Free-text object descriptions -
━━━━━━━━━━

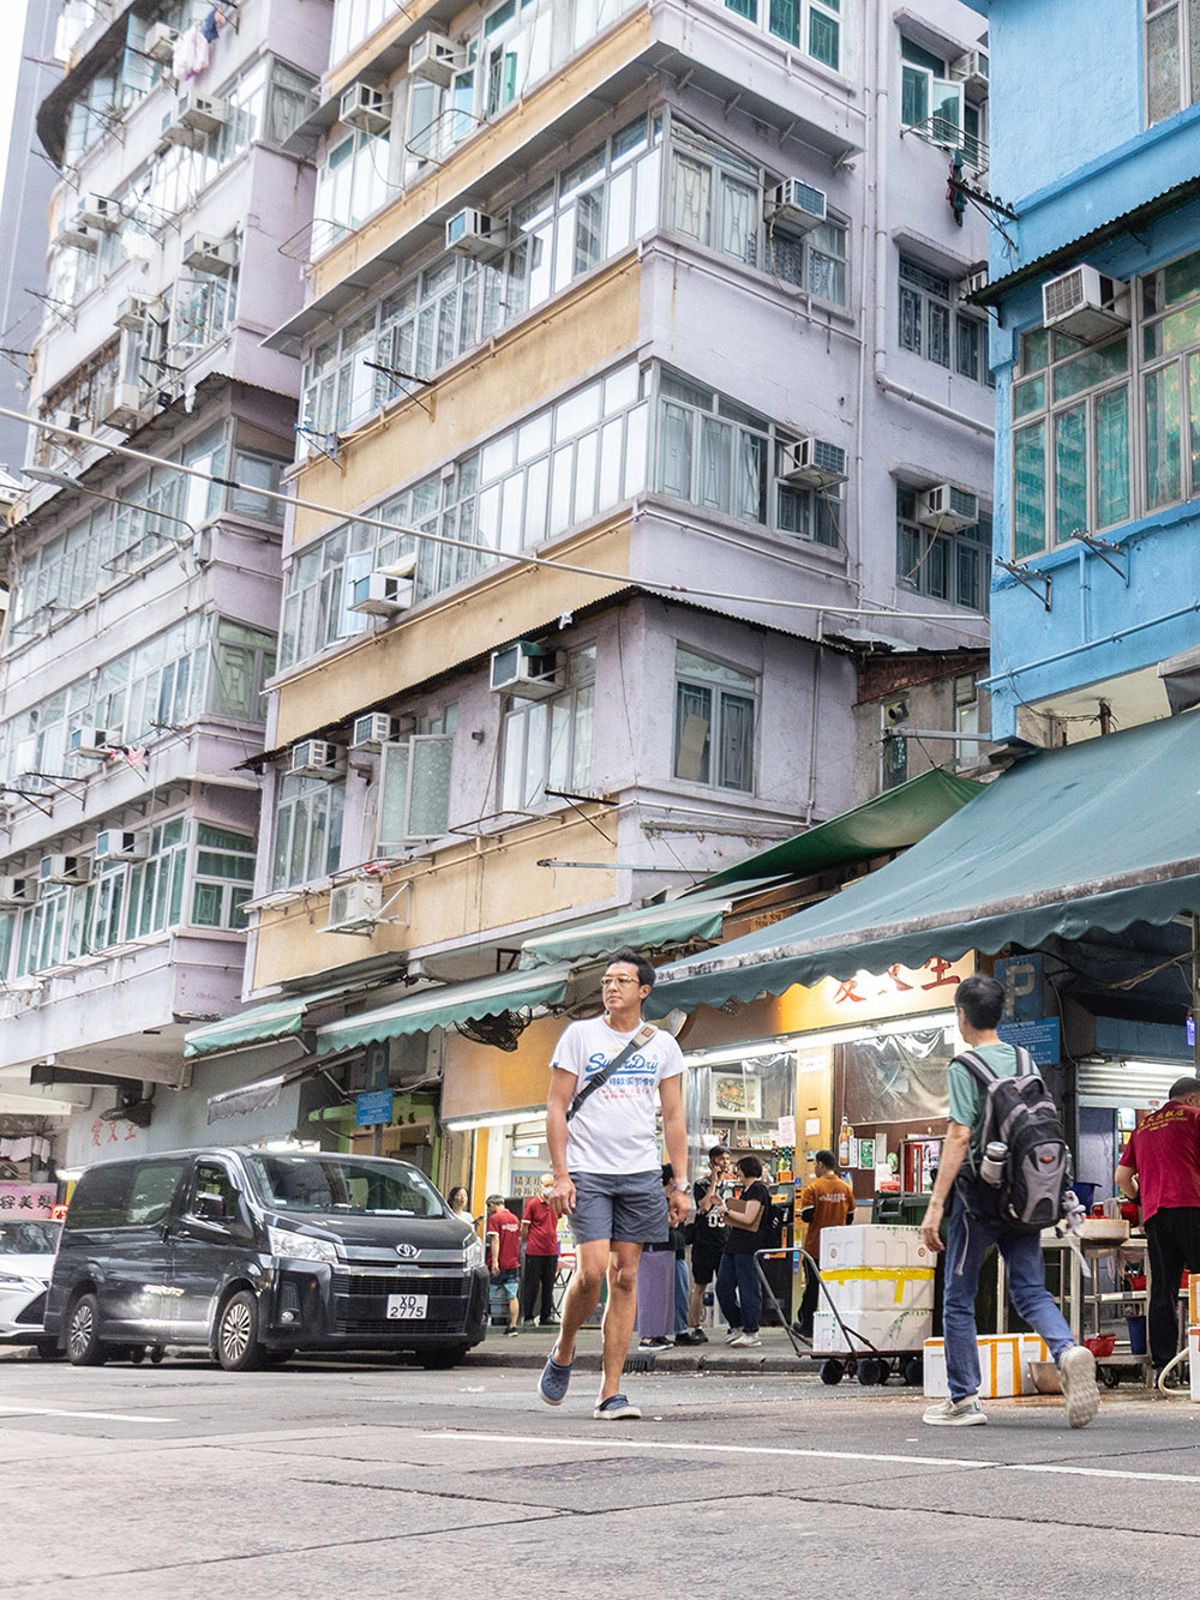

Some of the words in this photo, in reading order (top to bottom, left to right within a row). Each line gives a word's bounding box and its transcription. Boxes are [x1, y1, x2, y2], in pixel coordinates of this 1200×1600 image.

[1005, 963, 1035, 1017] P
[371, 1050, 385, 1088] P
[390, 1306, 424, 1318] 2775
[400, 1295, 417, 1307] XD
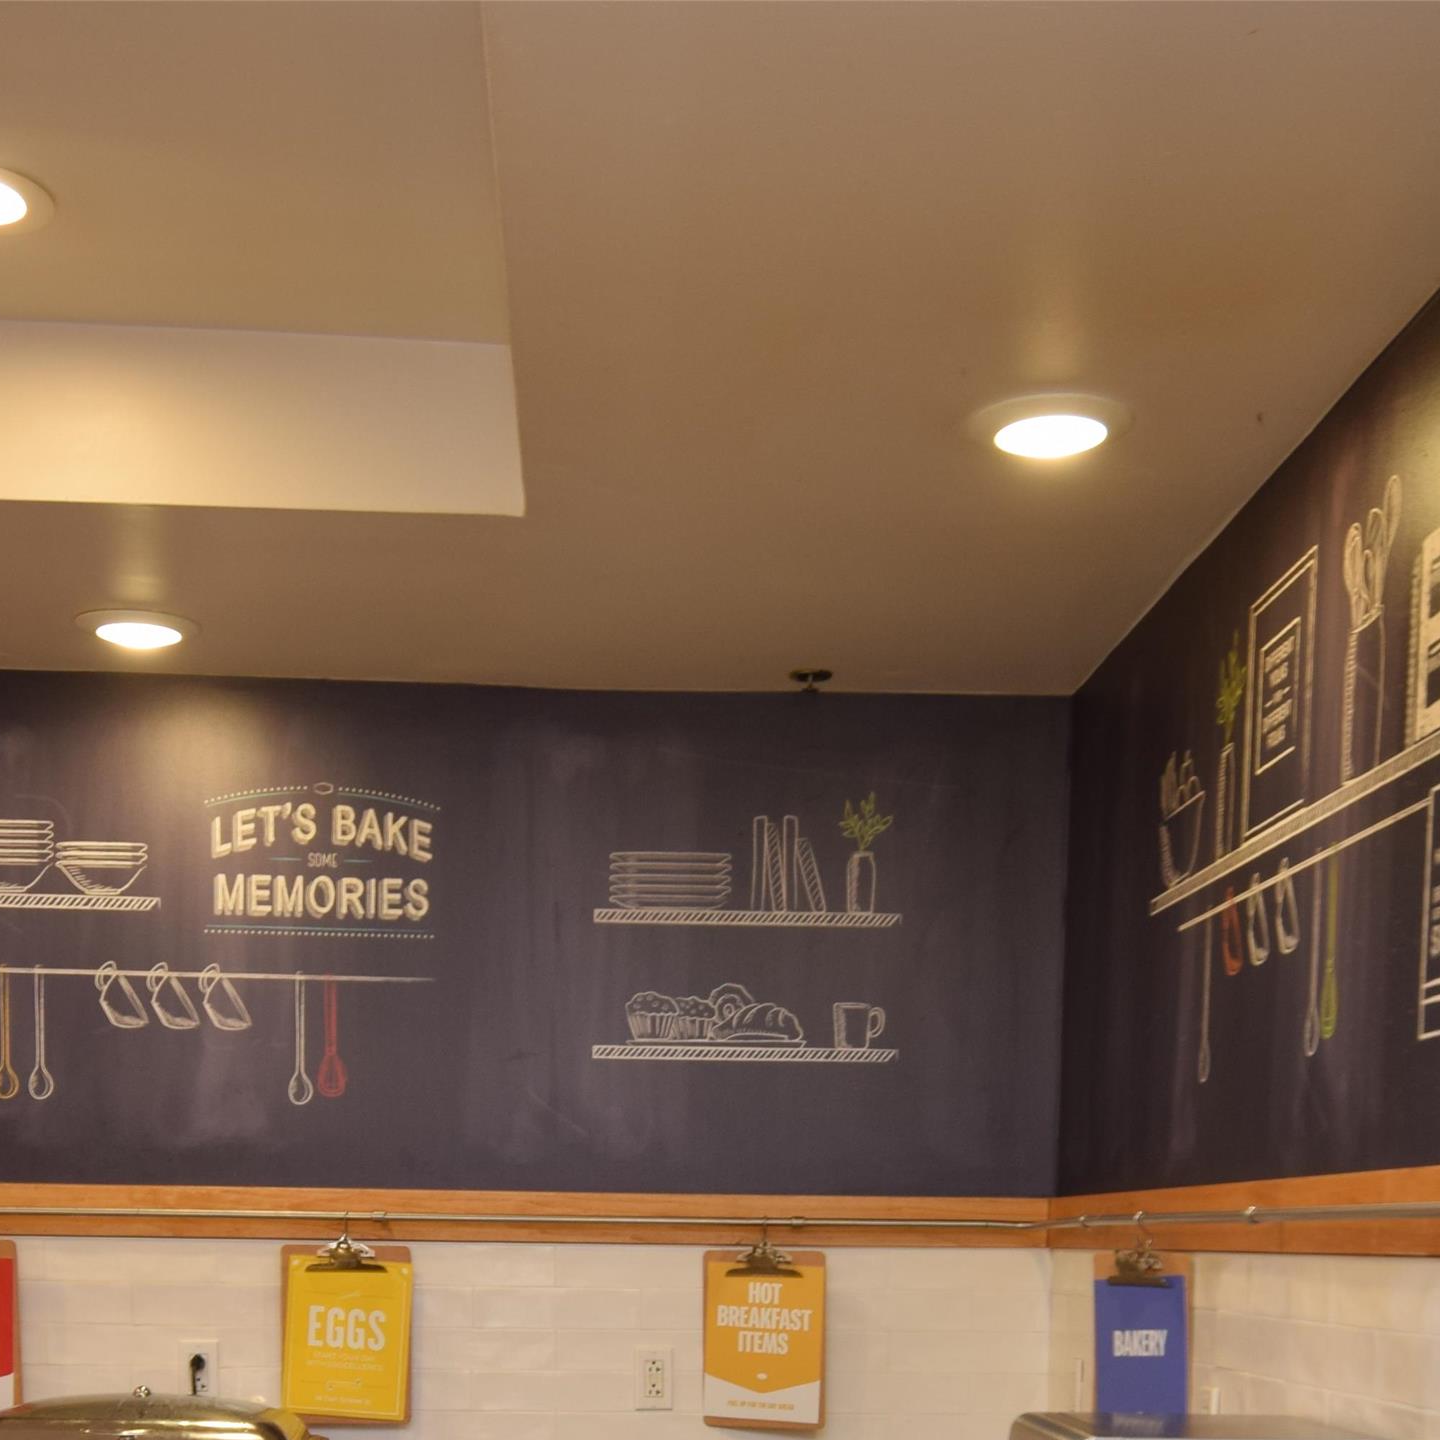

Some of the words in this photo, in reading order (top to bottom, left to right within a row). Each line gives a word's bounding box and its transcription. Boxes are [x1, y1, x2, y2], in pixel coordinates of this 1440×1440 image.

[211, 802, 317, 859] LET'S
[331, 804, 433, 862] BAKE
[307, 852, 339, 868] SOME
[213, 873, 430, 921] MEMORIES
[748, 1281, 783, 1305] HOT
[307, 1305, 386, 1351] EGGS
[717, 1305, 813, 1331] BREAKFAST
[738, 1331, 789, 1356] ITEMS
[1113, 1329, 1168, 1357] BAKERY
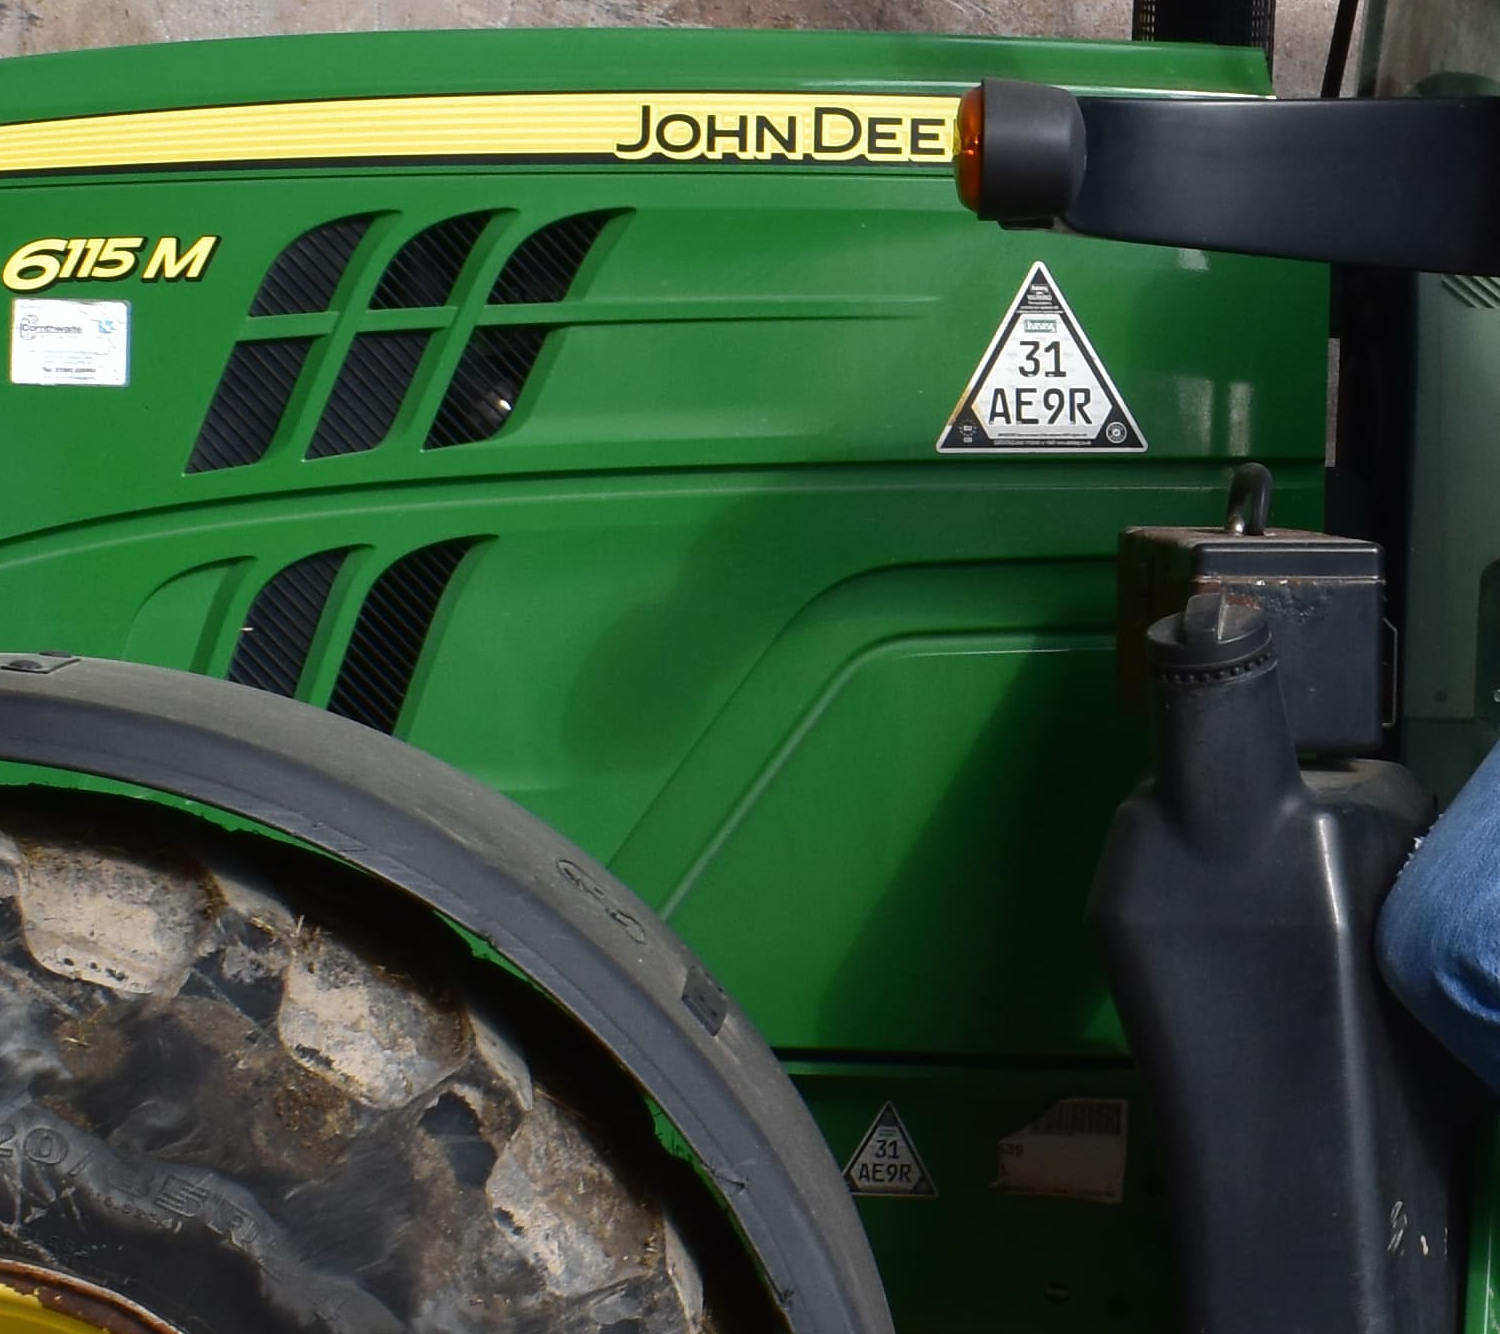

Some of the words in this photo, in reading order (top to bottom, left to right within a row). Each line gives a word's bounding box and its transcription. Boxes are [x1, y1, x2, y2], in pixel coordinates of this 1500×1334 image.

[616, 104, 798, 154] JOHN
[813, 106, 946, 155] DEE
[1018, 340, 1067, 378] 31
[989, 387, 1093, 425] AE9R
[875, 1139, 900, 1160] 31
[859, 1163, 912, 1184] AE9R

━━━━━━━━━━

YOUR OBJECTIVE -
Above are records to transcribe exactly; leave their pictures out.

EXERCISE OUTPUT -
Some of the words in this photo, in reading order (top to bottom, left to right within a row). Each line gives a word's bounding box and its transcription. Boxes are [x1, y1, x2, y2], in pixel coordinates of this 1200×1600 image.

[1005, 963, 1035, 1017] P
[371, 1050, 385, 1088] P
[390, 1306, 424, 1318] 2775
[400, 1295, 417, 1307] XD

Some of the words in this photo, in reading order (top to bottom, left to right within a row). Each line gives a word's bounding box and its transcription. Boxes are [x1, y1, x2, y2], in pixel coordinates of this 1440×1440 image.

[211, 802, 317, 859] LET'S
[331, 804, 433, 862] BAKE
[307, 852, 339, 868] SOME
[213, 873, 430, 921] MEMORIES
[748, 1281, 783, 1305] HOT
[307, 1305, 386, 1351] EGGS
[717, 1305, 813, 1331] BREAKFAST
[738, 1331, 789, 1356] ITEMS
[1113, 1329, 1168, 1357] BAKERY

Some of the words in this photo, in reading order (top to bottom, left to right within a row). Each line gives a word's bounding box and its transcription. Boxes are [x1, y1, x2, y2], in pixel coordinates of this 1500×1334 image.

[616, 104, 798, 154] JOHN
[813, 106, 946, 155] DEE
[1018, 340, 1067, 378] 31
[989, 387, 1093, 425] AE9R
[875, 1139, 900, 1160] 31
[859, 1163, 912, 1184] AE9R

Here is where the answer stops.